Paenibacillus sabinae T27 (CCBAU 10202=DSM 17841) is a gram-positive, spore-forming diazotroph with potential for use as a bacterial fertilizer in agriculture. In this study, three nifH clusters were cloned from P. sabinae T27. The first nifH cluster is composed of nifB1nifH1nifDnifK, the second cluster contains nifNnifB2nifH2, and the third contains nifH3 and t1 t2 encoding ABC transporters. The DNA sequence identities between nifH1 and nifH2, between nifH1 and nifH3, and between nifH2 and nifH3 are 96.57％, 78％ and 78.81％, respectively. The coding regions of nifH1, nifH2 and nifH3 from P. sabinae under the control of the nifH promoter of Klebsiella pneumonia could partially restore nitrogenase activity of K. pneumonia nifH- mutant strain 1795 which has no nitrogenase activity. This suggests that the three nifH genes from P. sabinae T27 have function in nitrogen fixation. RT-PCR showed that all three nifH genes were transcribed under the excess of fixed nitrogen and oxygen. Further, we demonstrated that nifB1 with nifH1, nifB2 with nifH2, and nifH3 with t2 were co-transcribed using RT-PCR. DNA sequence analysis showed that among the three nifH clusters, there are five putative promoter regions for nifH genes: one in the nifH1 cluster, two in the nifH2 cluster and the other two in the nifH3 cluster.

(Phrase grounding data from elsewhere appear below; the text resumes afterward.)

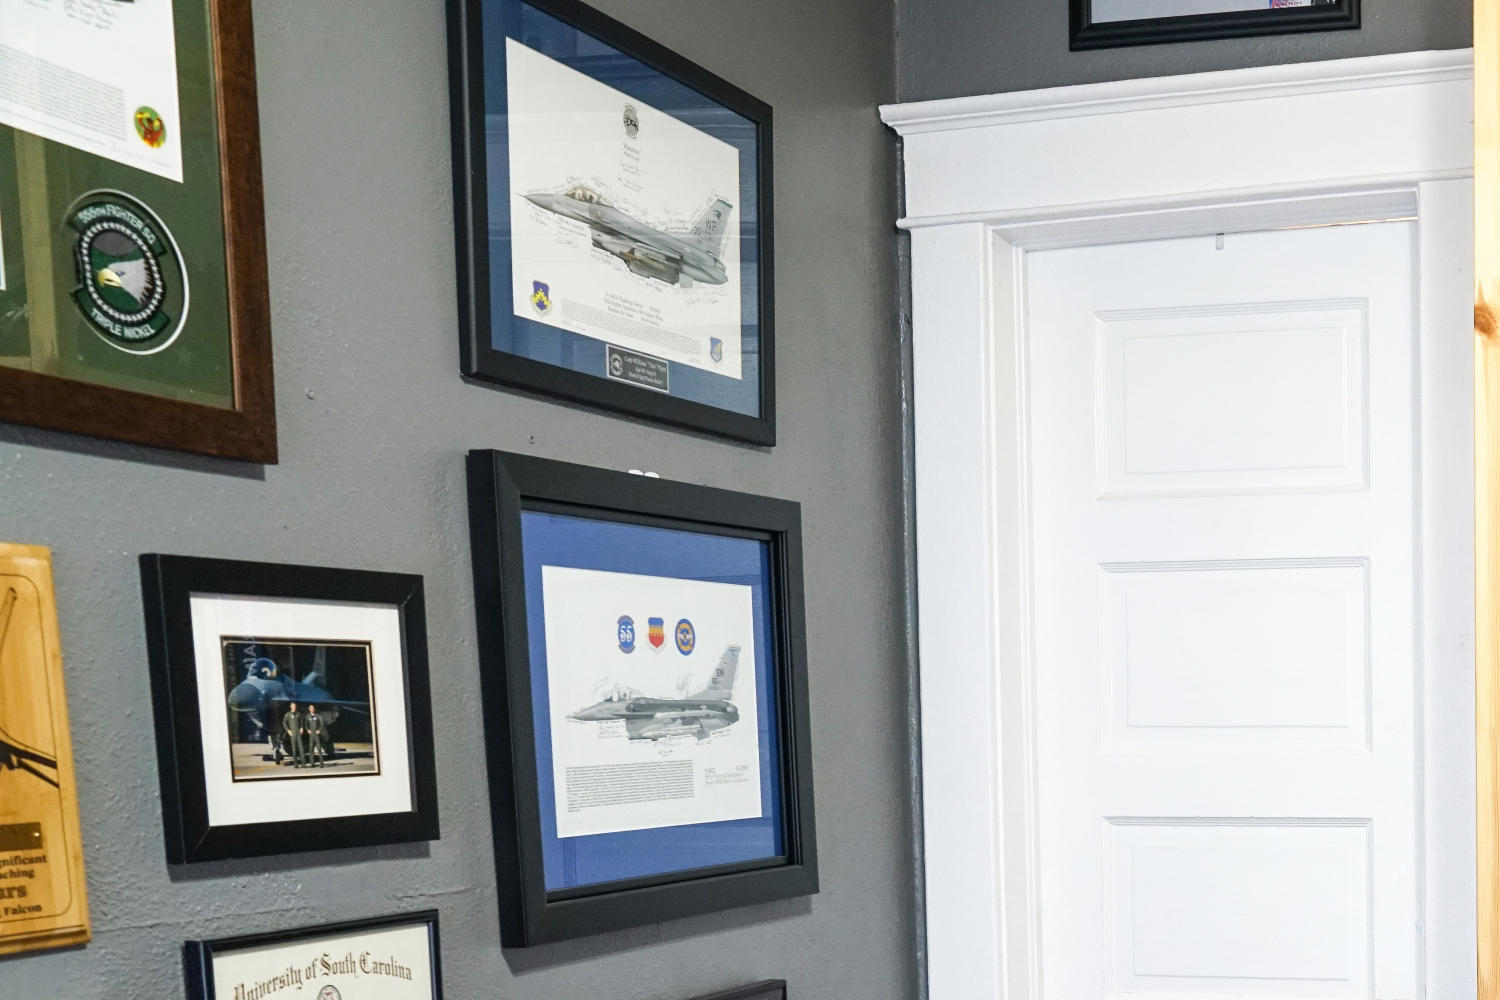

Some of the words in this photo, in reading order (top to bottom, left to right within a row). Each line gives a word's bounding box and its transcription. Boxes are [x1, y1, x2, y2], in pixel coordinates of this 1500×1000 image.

[106, 203, 144, 231] FIGHTER
[90, 309, 123, 338] TRIPLE
[123, 324, 156, 338] NICKEL
[4, 904, 42, 918] Falcon
[304, 958, 319, 981] of
[320, 951, 359, 977] South
[360, 951, 413, 981] Carolina
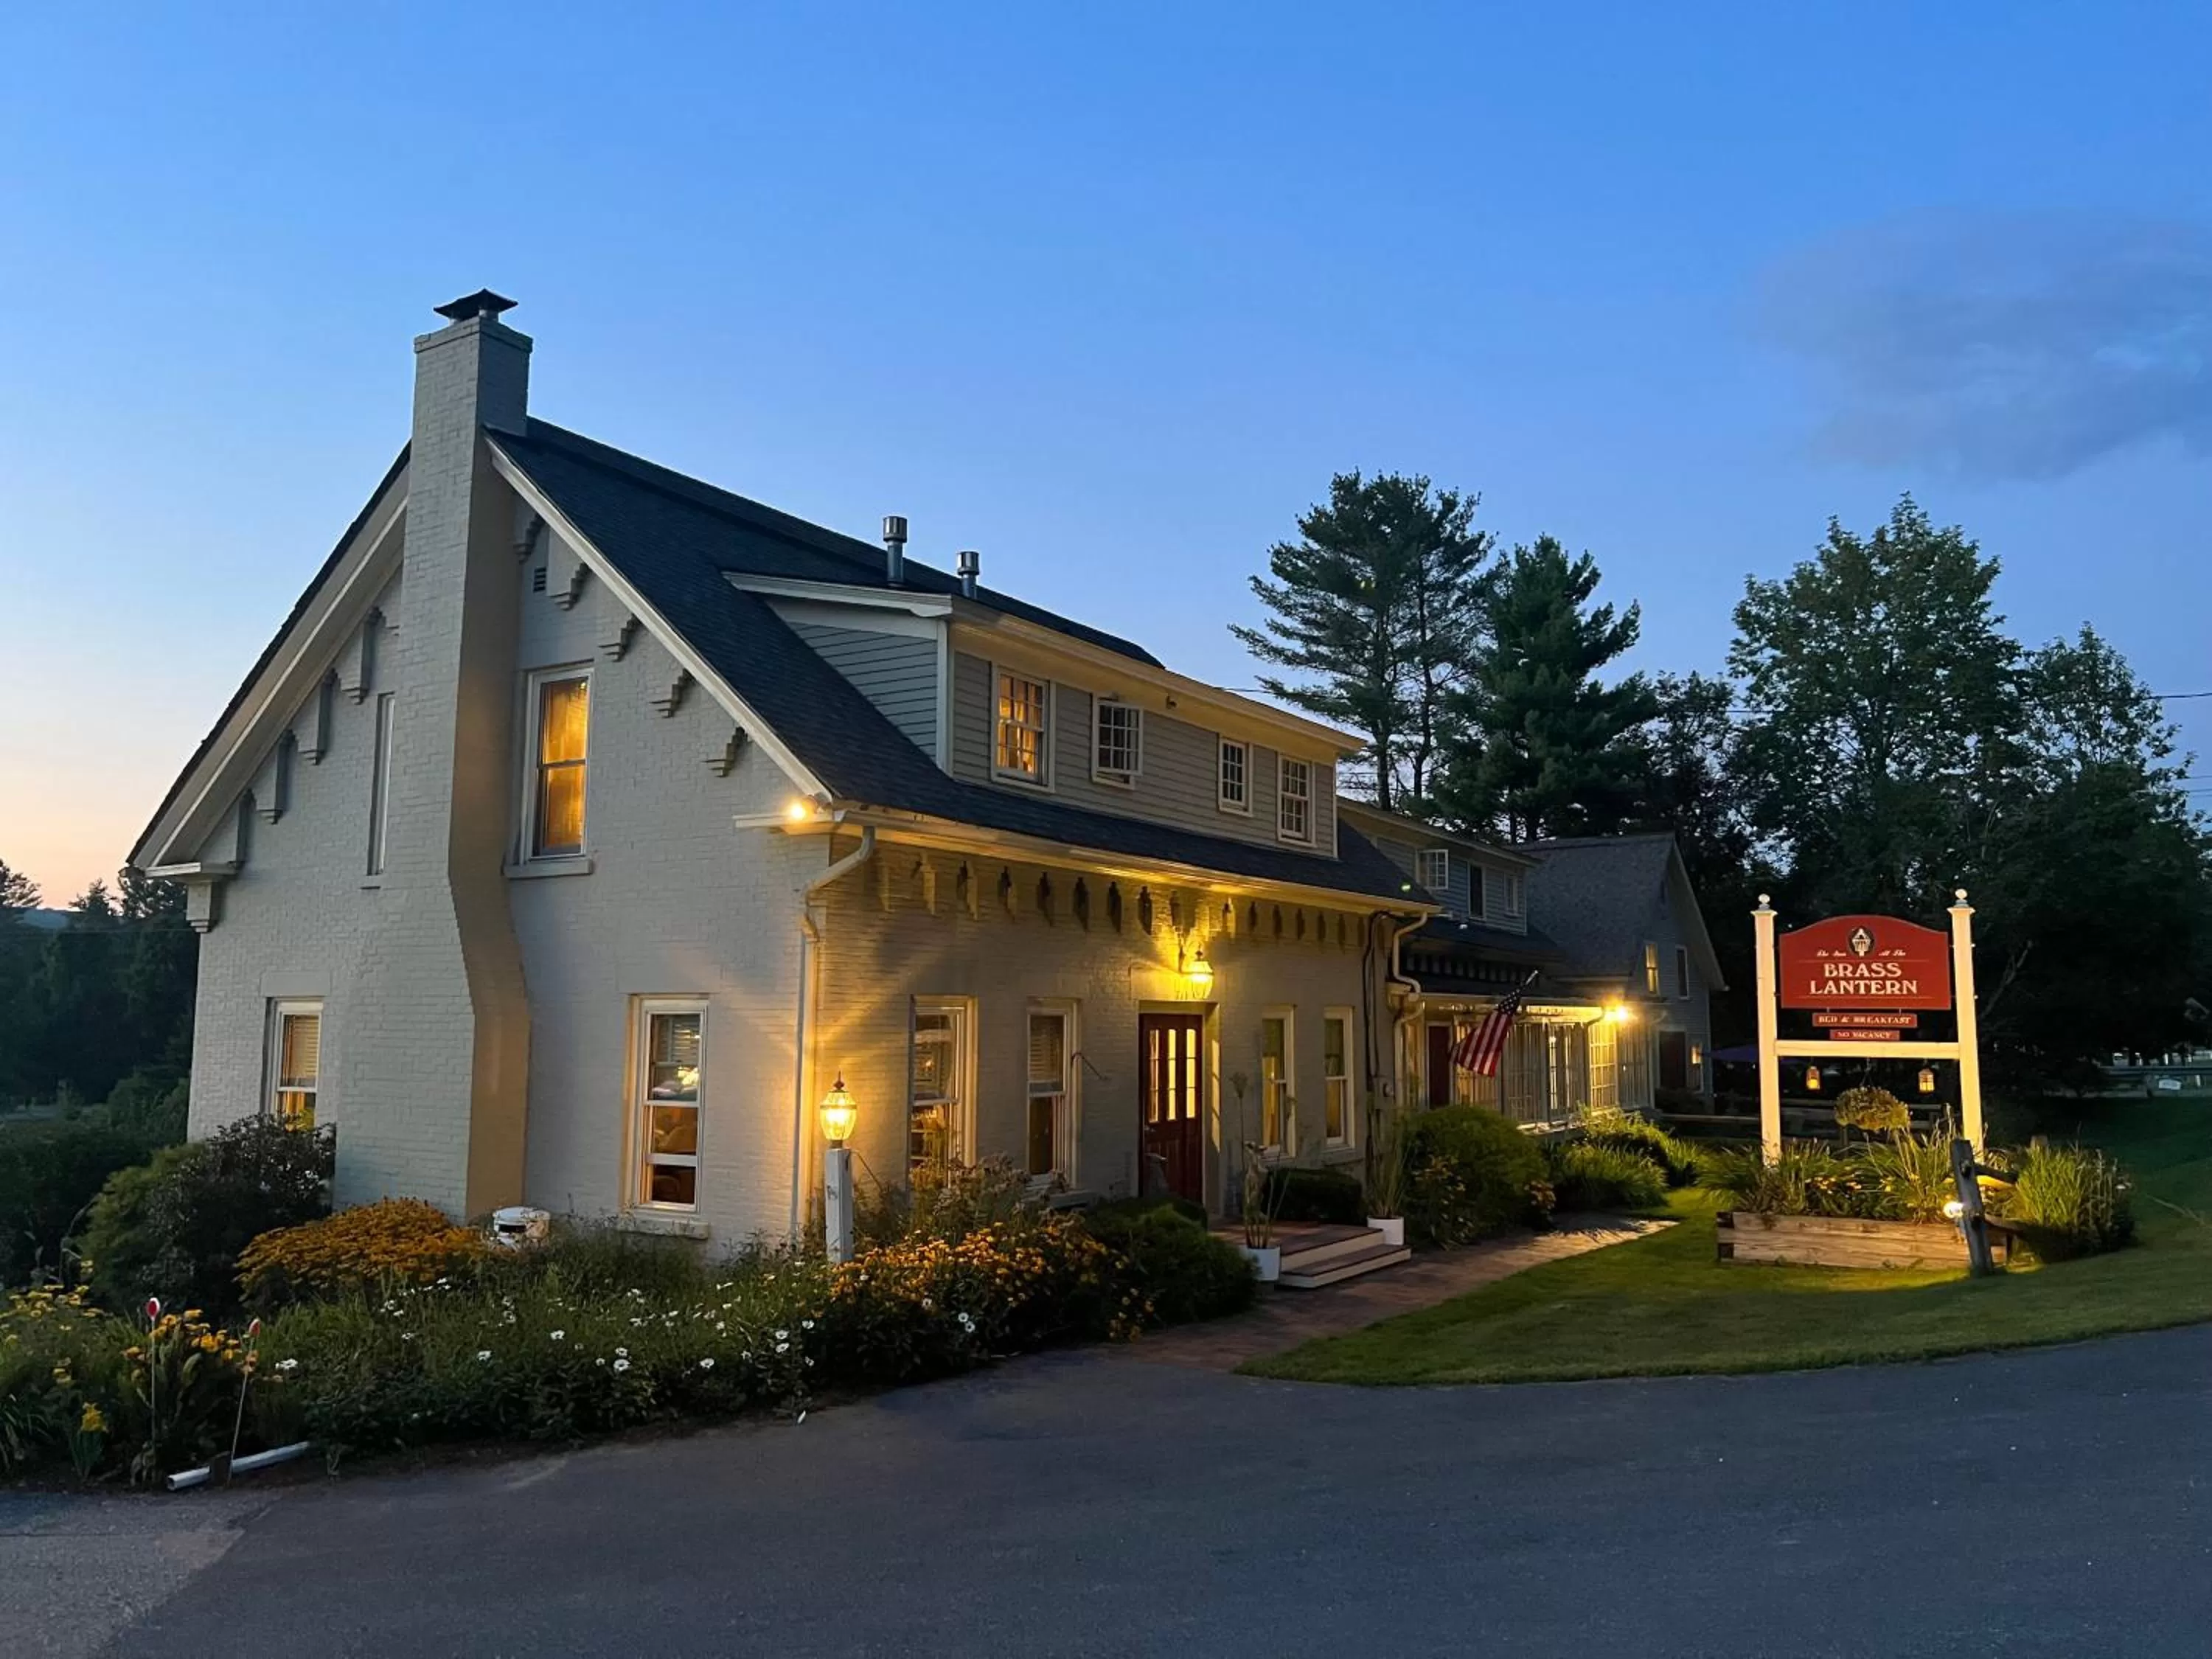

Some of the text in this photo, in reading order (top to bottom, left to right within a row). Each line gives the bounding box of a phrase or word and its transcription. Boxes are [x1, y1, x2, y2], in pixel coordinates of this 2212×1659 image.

[1824, 963, 1901, 977] BRASS
[1810, 980, 1917, 995] LANTERN
[1853, 1016, 1911, 1024] BREAKFAST
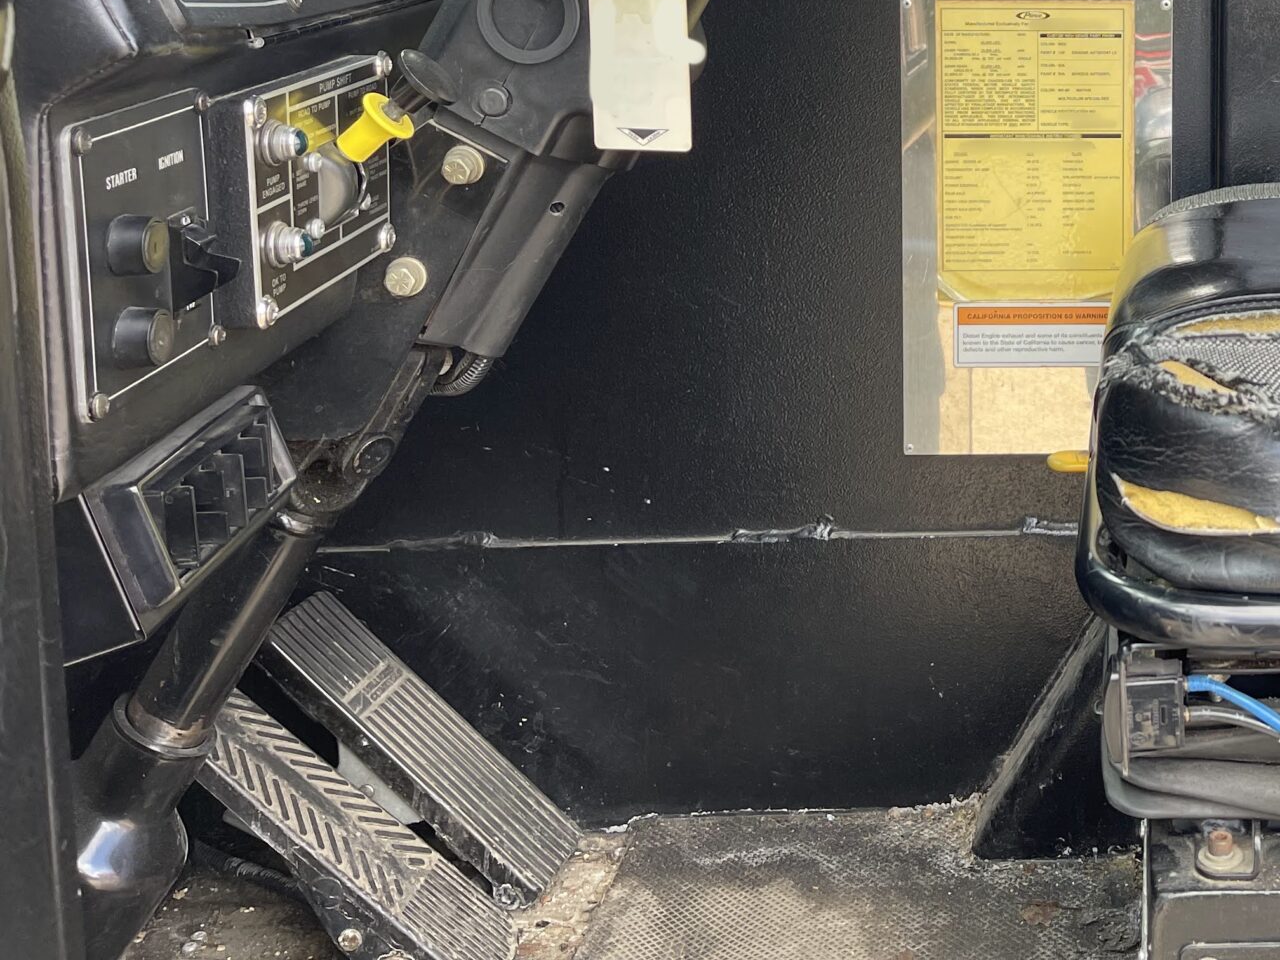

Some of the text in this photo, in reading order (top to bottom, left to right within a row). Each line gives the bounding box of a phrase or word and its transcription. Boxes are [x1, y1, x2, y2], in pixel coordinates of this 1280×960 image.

[320, 73, 352, 93] PUMP SHIFT
[311, 105, 318, 113] TO
[319, 100, 330, 110] PUMP
[158, 149, 184, 170] IGNITION
[106, 168, 137, 190] STARTER
[267, 174, 280, 186] PUMP
[262, 182, 286, 199] ENGAGED
[272, 273, 286, 288] OK TO
[273, 283, 286, 297] PUMP
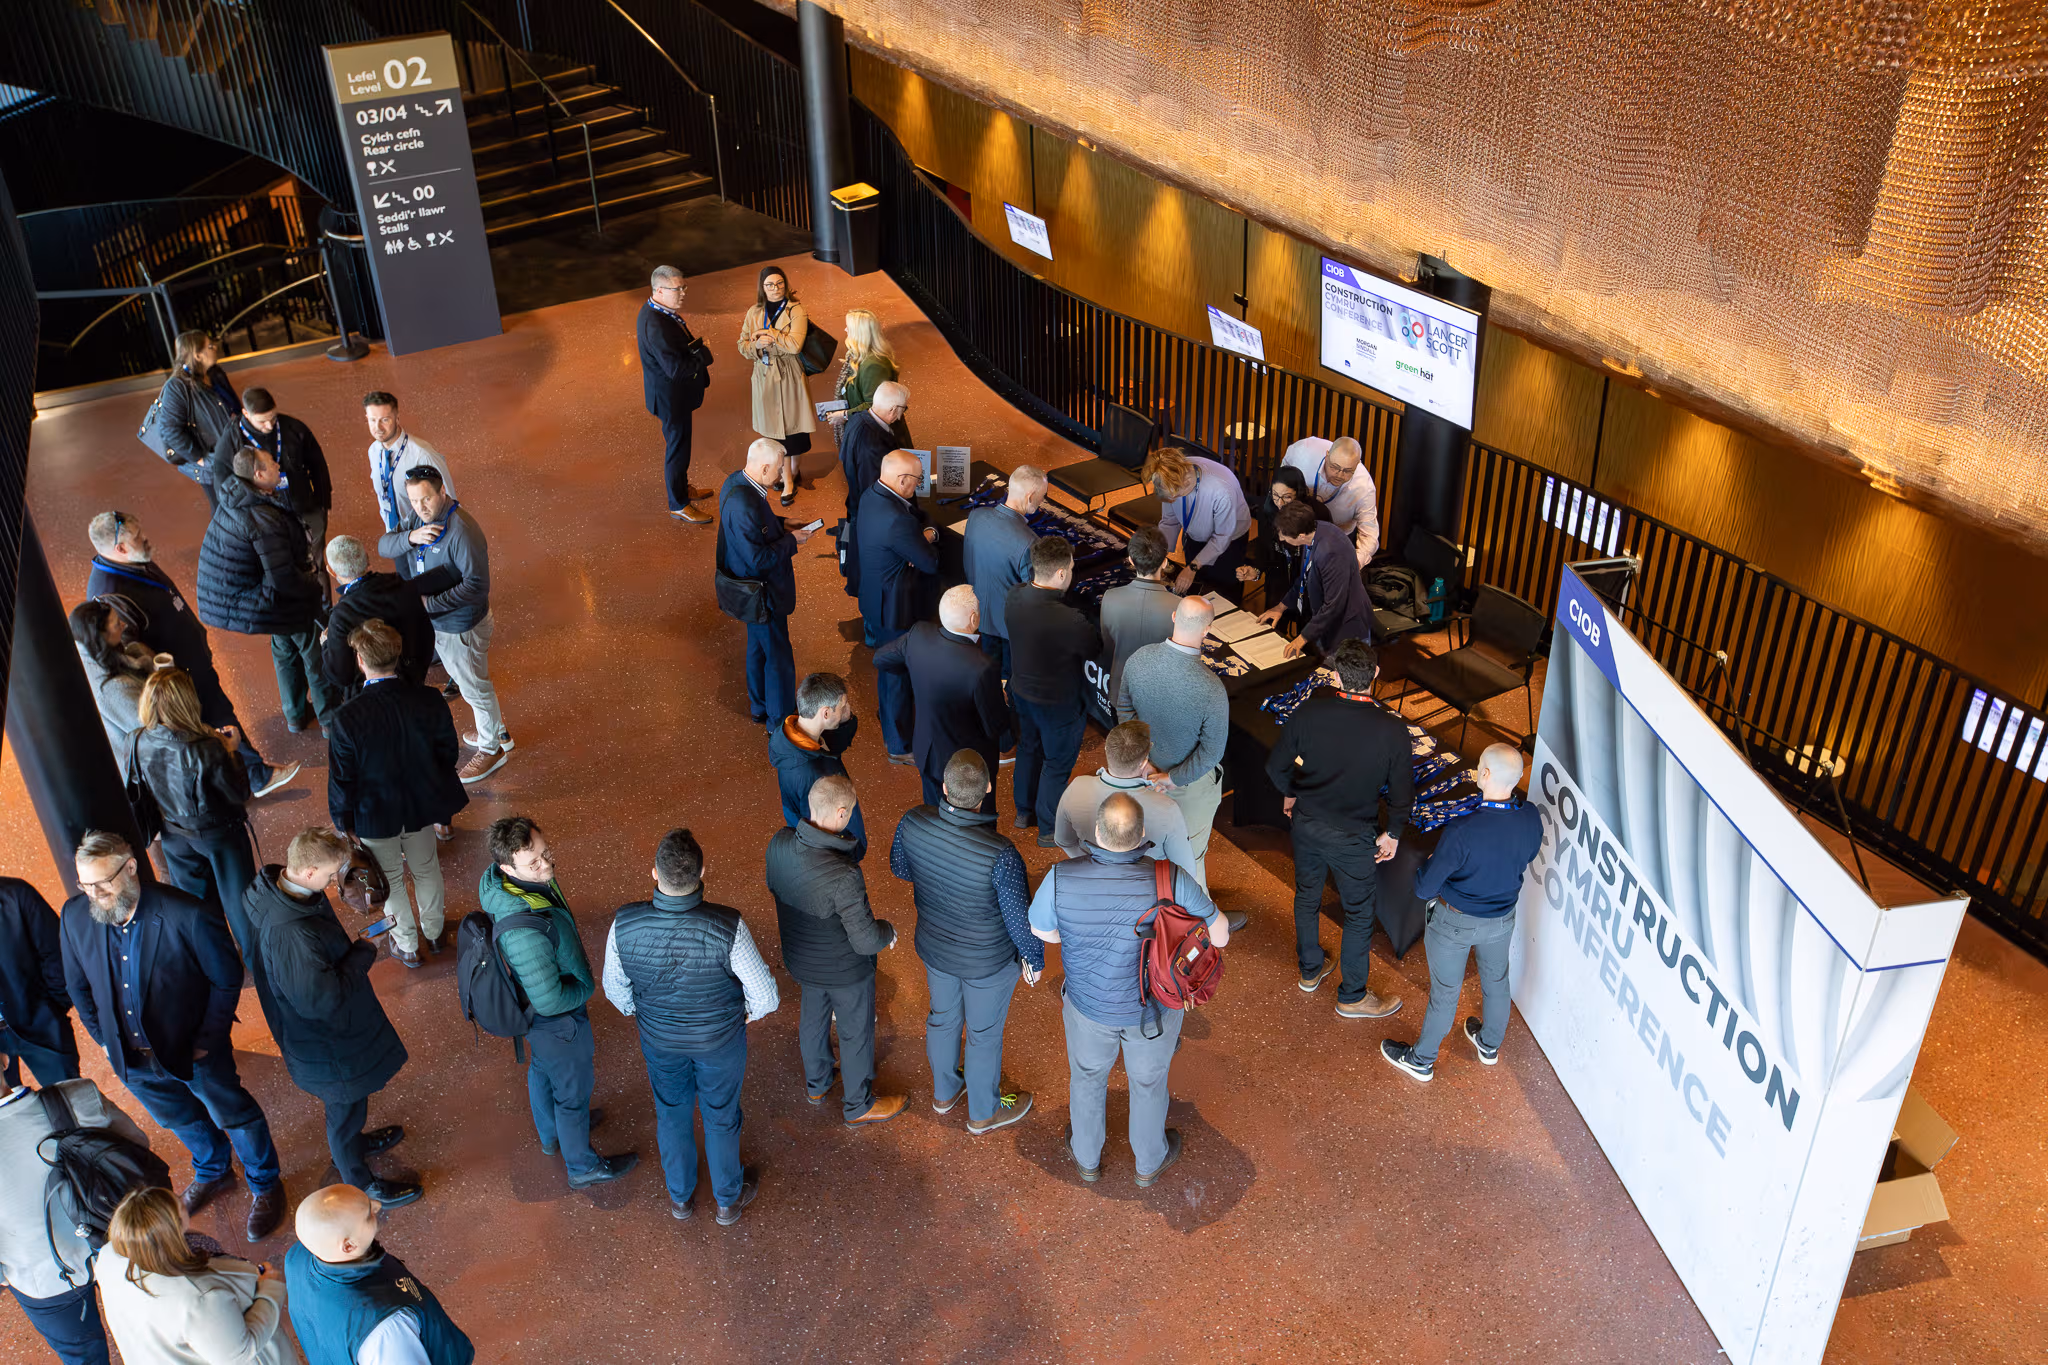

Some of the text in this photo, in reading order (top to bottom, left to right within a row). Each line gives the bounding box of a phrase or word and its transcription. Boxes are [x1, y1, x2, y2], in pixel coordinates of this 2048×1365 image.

Analysis of β-galactosidase activity showed that the five different promoter-lacZ transcriptional fusions were expressed in Escherichia coli JM109, E. coli σ54 mutant strain TH1 and Bacillus cereus B905, suggesting that transcription of nifH genes of P. sabinae T27 are independent of both nif-specific activator NifA and transcriptional factor σ54 which are required for expression of nifH in most diazotrophs.